Forty percent of employers surveyed said they are likely to increase the amount their workers pay out of pocket for doctor visits. Almost as many said they are likely to raise annual deductibles and the amount workers pay for prescription drugs.

Nine percent said they plan to tighten eligibility for health benefits; 8 percent said they plan to drop coverage entirely. Forty-one percent of employers said they are “somewhat” or “very” likely to increase the amount employees pay in premiums….

If only there was, oh, I dunno, some sort of “medicare for all” thingy that could keep costs down while providing health care for everybody and easing the financial burden on employers and employees alike. Hmmm. Nope, that aint gonna happen.

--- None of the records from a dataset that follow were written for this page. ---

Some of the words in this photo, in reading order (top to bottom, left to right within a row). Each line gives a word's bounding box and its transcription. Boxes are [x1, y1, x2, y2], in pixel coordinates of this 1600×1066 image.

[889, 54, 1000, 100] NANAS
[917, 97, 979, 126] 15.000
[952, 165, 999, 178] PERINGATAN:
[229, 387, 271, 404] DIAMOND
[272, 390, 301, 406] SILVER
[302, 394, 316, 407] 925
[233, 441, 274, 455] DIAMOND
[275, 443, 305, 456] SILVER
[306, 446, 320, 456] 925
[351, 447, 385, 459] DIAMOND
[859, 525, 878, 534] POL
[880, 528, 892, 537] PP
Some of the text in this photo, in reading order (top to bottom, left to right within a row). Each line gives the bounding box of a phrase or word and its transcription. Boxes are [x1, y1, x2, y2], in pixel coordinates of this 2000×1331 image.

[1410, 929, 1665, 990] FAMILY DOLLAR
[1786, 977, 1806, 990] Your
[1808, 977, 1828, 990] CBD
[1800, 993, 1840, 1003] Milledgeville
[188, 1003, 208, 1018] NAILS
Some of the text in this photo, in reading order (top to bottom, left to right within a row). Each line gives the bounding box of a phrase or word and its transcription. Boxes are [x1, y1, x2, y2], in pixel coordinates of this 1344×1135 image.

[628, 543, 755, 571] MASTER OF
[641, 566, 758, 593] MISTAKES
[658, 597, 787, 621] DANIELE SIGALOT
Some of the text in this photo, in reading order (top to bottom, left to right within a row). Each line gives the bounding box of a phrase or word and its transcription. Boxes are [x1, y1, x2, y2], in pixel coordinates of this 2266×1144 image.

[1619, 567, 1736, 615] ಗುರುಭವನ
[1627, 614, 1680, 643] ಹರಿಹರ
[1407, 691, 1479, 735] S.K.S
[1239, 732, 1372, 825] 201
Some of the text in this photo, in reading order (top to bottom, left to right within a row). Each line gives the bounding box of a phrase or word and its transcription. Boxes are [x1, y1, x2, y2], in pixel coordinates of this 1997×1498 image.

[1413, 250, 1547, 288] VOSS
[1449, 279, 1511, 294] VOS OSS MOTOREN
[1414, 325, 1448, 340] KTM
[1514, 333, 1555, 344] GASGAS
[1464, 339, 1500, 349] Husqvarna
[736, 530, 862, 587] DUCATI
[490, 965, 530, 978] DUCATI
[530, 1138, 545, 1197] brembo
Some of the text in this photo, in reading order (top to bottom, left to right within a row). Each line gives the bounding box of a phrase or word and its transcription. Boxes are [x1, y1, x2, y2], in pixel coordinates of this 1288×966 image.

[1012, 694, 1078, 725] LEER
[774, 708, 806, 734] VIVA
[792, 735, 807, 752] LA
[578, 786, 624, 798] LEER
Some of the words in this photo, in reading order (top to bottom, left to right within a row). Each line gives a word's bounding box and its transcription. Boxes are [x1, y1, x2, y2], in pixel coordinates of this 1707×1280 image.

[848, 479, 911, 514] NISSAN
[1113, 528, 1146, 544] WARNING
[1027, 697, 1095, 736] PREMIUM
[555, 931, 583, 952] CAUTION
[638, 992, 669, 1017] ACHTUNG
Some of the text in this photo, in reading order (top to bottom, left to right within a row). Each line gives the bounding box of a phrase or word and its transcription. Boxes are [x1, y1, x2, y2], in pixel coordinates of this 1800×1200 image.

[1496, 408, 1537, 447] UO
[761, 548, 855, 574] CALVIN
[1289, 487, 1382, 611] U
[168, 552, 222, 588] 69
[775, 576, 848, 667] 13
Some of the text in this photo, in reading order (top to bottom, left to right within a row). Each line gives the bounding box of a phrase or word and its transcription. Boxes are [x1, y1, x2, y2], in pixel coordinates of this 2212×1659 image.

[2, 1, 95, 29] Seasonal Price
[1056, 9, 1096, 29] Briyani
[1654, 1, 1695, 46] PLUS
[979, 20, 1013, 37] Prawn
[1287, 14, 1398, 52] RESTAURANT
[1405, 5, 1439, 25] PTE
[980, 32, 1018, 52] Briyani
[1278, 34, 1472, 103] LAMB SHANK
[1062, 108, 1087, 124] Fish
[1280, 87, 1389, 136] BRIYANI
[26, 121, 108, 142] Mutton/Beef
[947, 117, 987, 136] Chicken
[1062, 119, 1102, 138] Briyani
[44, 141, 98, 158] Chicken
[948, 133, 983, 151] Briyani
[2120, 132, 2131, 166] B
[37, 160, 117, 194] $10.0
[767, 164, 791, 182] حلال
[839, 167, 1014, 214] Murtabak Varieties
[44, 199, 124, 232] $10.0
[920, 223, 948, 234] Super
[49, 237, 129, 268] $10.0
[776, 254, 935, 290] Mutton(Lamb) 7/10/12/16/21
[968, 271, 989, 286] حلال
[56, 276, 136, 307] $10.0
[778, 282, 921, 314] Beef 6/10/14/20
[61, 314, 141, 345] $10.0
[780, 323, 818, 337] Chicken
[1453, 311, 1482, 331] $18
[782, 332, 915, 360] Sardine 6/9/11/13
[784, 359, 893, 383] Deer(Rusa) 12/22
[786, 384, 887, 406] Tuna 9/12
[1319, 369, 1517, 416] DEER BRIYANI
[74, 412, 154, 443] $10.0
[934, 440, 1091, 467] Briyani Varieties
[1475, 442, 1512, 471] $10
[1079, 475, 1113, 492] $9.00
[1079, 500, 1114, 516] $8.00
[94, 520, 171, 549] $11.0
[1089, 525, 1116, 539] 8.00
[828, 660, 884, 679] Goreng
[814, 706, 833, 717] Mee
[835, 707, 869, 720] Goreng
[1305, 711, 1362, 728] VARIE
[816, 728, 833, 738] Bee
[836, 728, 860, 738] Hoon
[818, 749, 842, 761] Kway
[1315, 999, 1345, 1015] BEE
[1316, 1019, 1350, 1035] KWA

But, if you’re the idealistic type who’d like to try and put pressure on your congresscritters, fell free to give it the old college try. Call your representative to find out where he/she stands on single payer and Rep. Weiner’s amendment. Find your critter here.

Is calling too much effort? Send an email asking for support for the Weiner amendment. It kinda implies that you’re a medical student, but what the hell. Just tell ’em you’re standing up for Weiner, because Weiner stands up for you. Or maybe that you’d like to stick it to the tea baggers with Weiner. Or perhaps tell ’em that, while Republican Weiners are out “hiking the Appalachian Trail,” our Weiner is fighting for Single Payer health care.

Locally, the people have spoken, and it’ll be the woman vs. the really boring Armenian guy (who looks like he’d make a great spokesman for Polygrip®) squaring off in the Syracuse mayoral race in November. Whereas Syracuse is a pretty solid Democratic stronghold, things look good for Syracuse having its first female mayor. But the boring Armenian guy won big in a pretty major upset yesterday, so I wouldn’t count him out.

Well, I see by the old clock on the wall (and there really is a clock on the wall; it’s a bird clock we got as a wedding present that chirps with a different bird song on the hour. Well, it used to, anyway. It hasn’t actually done that in quite a few years; I think it needs a battery or something) that it’s time to head out for the day. Wednesday? Well, it aint Friday, but it’ll have to do.